Source records below:

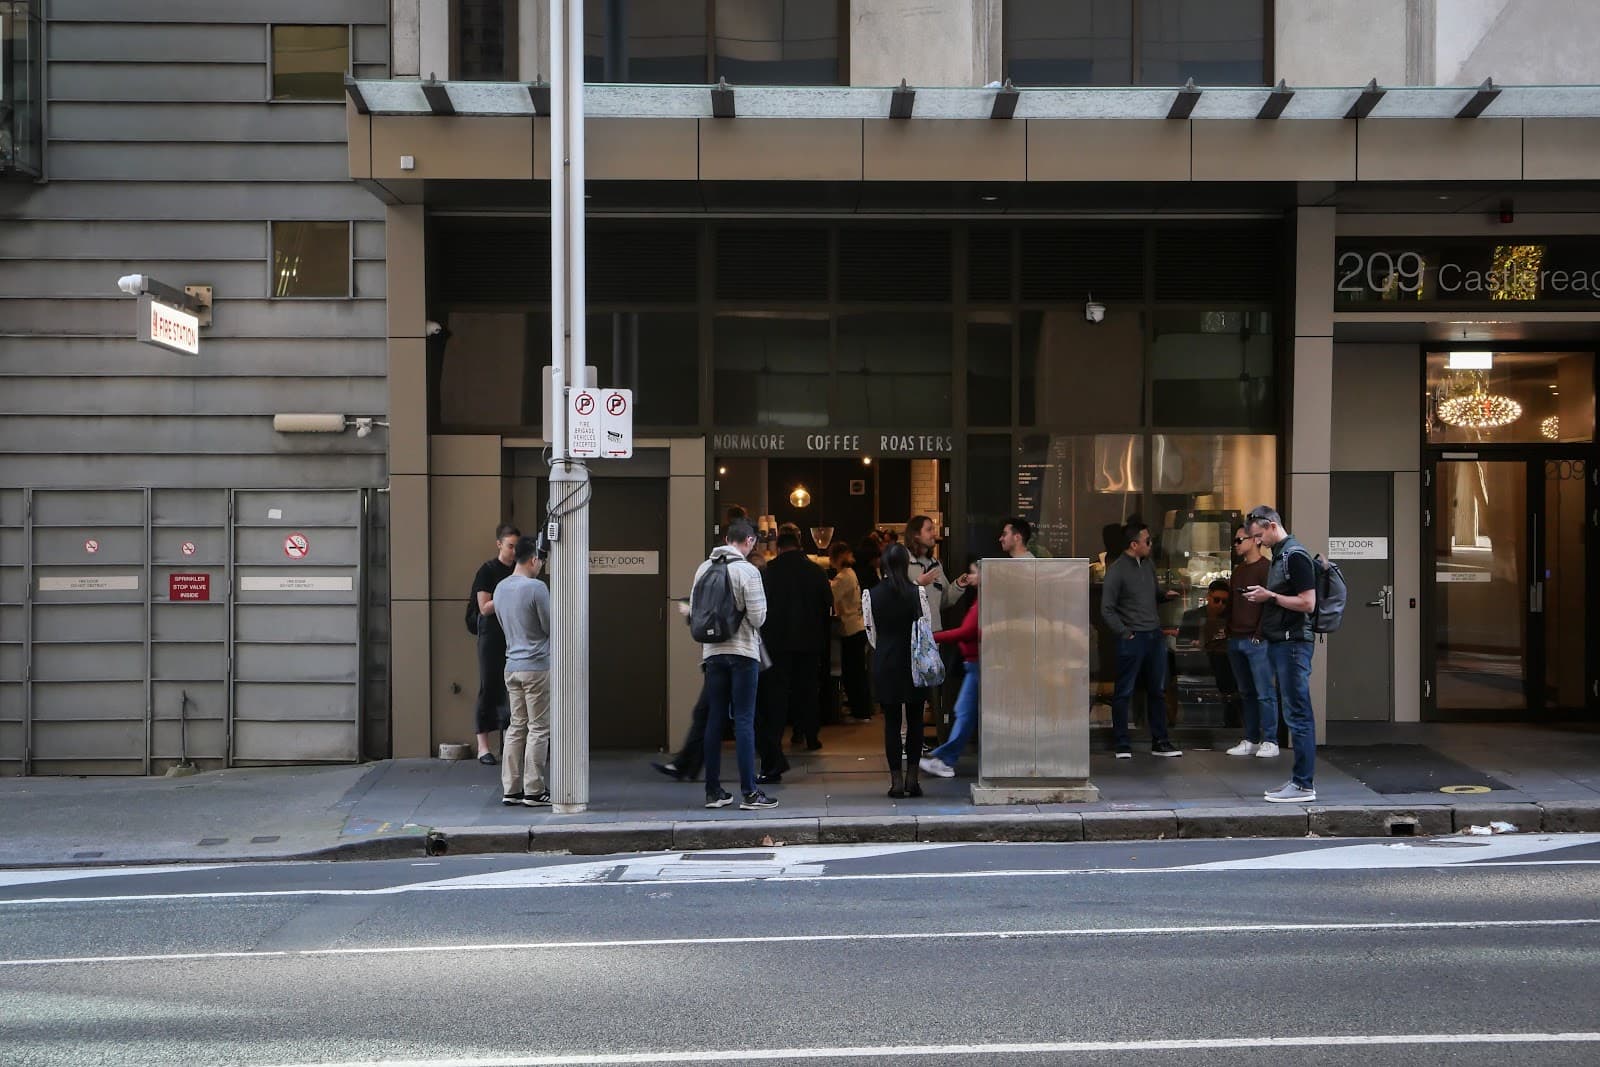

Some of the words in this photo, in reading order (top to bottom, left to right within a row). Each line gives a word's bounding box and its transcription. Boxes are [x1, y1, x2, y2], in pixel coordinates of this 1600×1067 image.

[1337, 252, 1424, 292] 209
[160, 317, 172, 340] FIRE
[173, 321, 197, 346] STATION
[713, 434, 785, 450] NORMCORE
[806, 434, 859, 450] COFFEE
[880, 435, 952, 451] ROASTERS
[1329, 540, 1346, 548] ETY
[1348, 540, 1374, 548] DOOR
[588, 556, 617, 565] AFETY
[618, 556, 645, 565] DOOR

End of Source records.

• Requirement:
What is needed is every record above, restated word for word, with the pictures left out.

• Solution to this problem:
Some of the words in this photo, in reading order (top to bottom, left to right within a row). Each line gives a word's bounding box and its transcription. Boxes are [x1, y1, x2, y2], in pixel coordinates of this 1600×1067 image.

[1337, 252, 1424, 292] 209
[160, 317, 172, 340] FIRE
[173, 321, 197, 346] STATION
[713, 434, 785, 450] NORMCORE
[806, 434, 859, 450] COFFEE
[880, 435, 952, 451] ROASTERS
[1329, 540, 1346, 548] ETY
[1348, 540, 1374, 548] DOOR
[588, 556, 617, 565] AFETY
[618, 556, 645, 565] DOOR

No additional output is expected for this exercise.